***** INPUT RECORDS

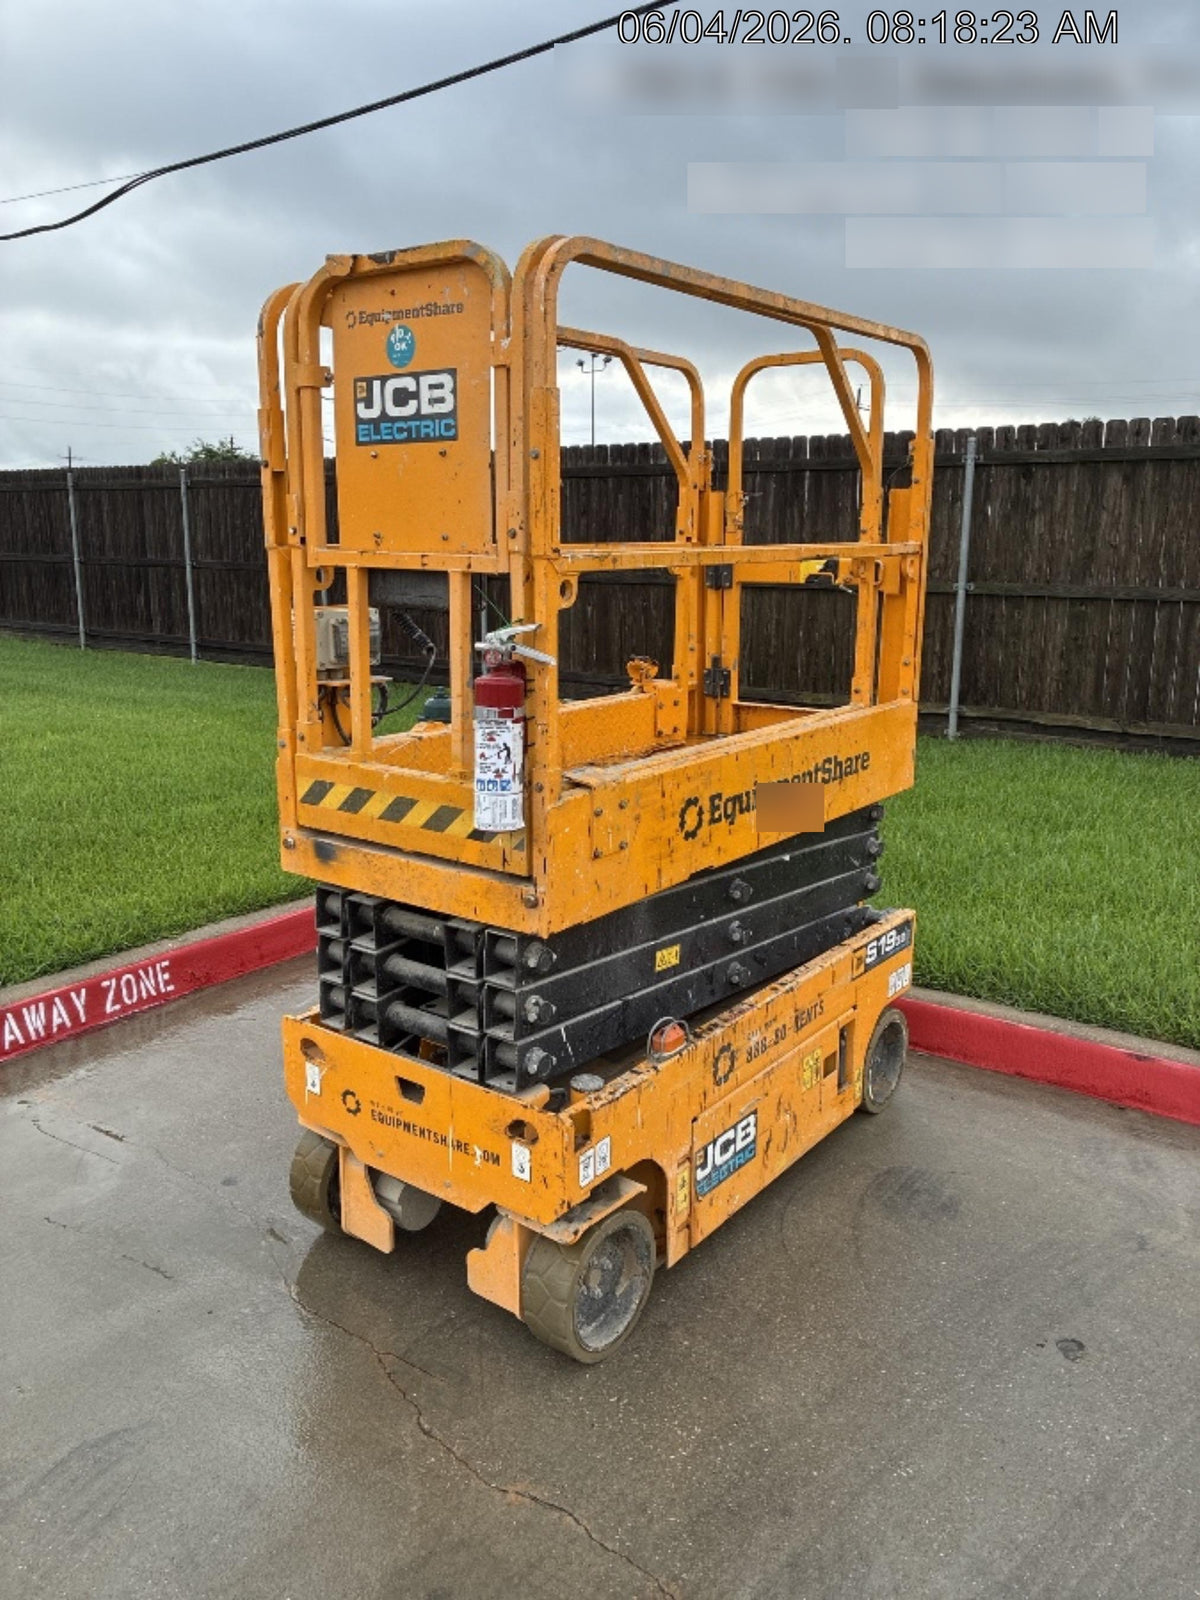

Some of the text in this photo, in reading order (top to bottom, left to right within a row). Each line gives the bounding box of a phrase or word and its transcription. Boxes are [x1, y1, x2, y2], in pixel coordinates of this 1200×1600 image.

[358, 301, 464, 326] EquipmentShare
[356, 372, 454, 419] JCB
[357, 418, 456, 442] ELECTRIC
[708, 751, 870, 826] EquintShare
[3, 960, 175, 1050] AWAY ZONE
[370, 1108, 501, 1167] EQUIPMENTSHRE.OM
[696, 1114, 756, 1181] JCB
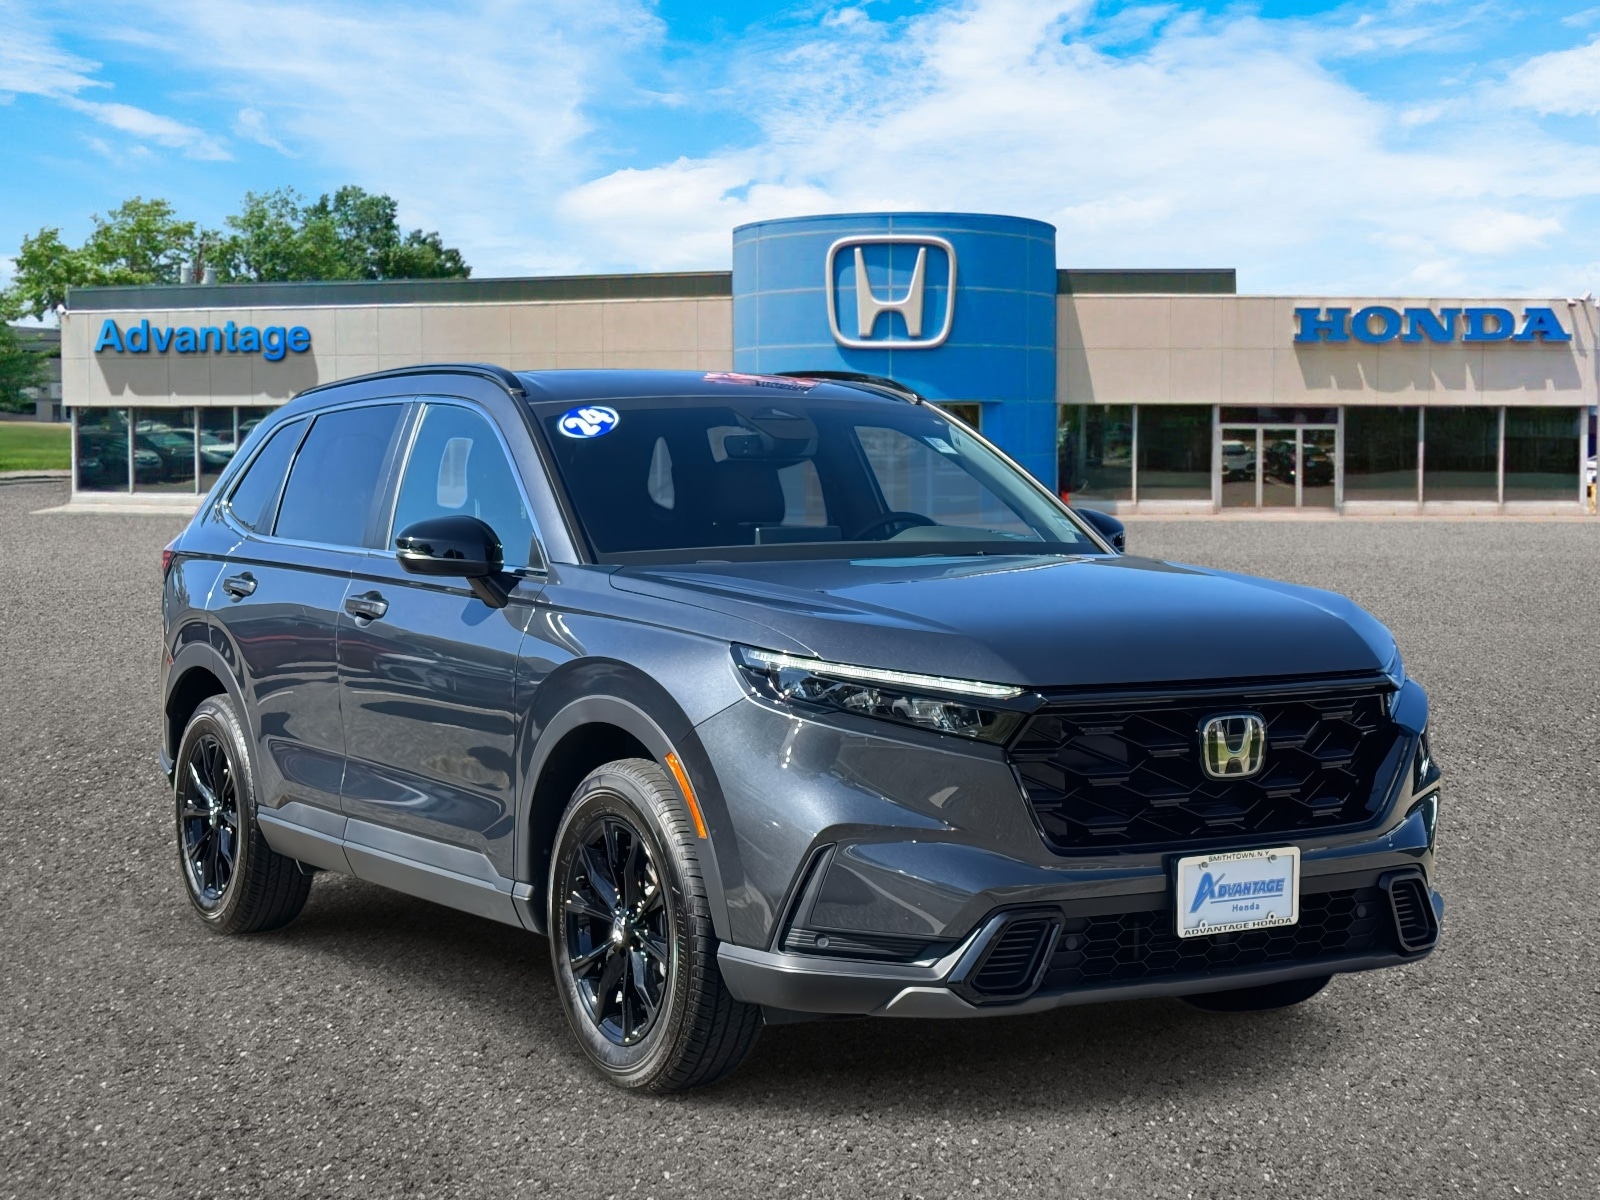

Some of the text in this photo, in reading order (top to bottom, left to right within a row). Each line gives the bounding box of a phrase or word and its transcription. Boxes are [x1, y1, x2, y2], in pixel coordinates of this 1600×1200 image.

[94, 318, 311, 361] Advantage
[1294, 305, 1572, 343] HONDA
[564, 408, 615, 436] 24
[1189, 871, 1286, 913] ADVANTAGE
[1232, 901, 1260, 912] Honda
[1184, 917, 1292, 936] ADVANTAGE HONDA

**********

_WHAT THE EXERCISE ASKS_. What is needed is a word-for-word copy of the data above, free of any images.

_SOLVED EXERCISE_.
Some of the text in this photo, in reading order (top to bottom, left to right within a row). Each line gives the bounding box of a phrase or word and its transcription. Boxes are [x1, y1, x2, y2], in pixel coordinates of this 1200×1600 image.

[358, 301, 464, 326] EquipmentShare
[356, 372, 454, 419] JCB
[357, 418, 456, 442] ELECTRIC
[708, 751, 870, 826] EquintShare
[3, 960, 175, 1050] AWAY ZONE
[370, 1108, 501, 1167] EQUIPMENTSHRE.OM
[696, 1114, 756, 1181] JCB

Some of the text in this photo, in reading order (top to bottom, left to right within a row). Each line gives the bounding box of a phrase or word and its transcription. Boxes are [x1, y1, x2, y2], in pixel coordinates of this 1600×1200 image.

[94, 318, 311, 361] Advantage
[1294, 305, 1572, 343] HONDA
[564, 408, 615, 436] 24
[1189, 871, 1286, 913] ADVANTAGE
[1232, 901, 1260, 912] Honda
[1184, 917, 1292, 936] ADVANTAGE HONDA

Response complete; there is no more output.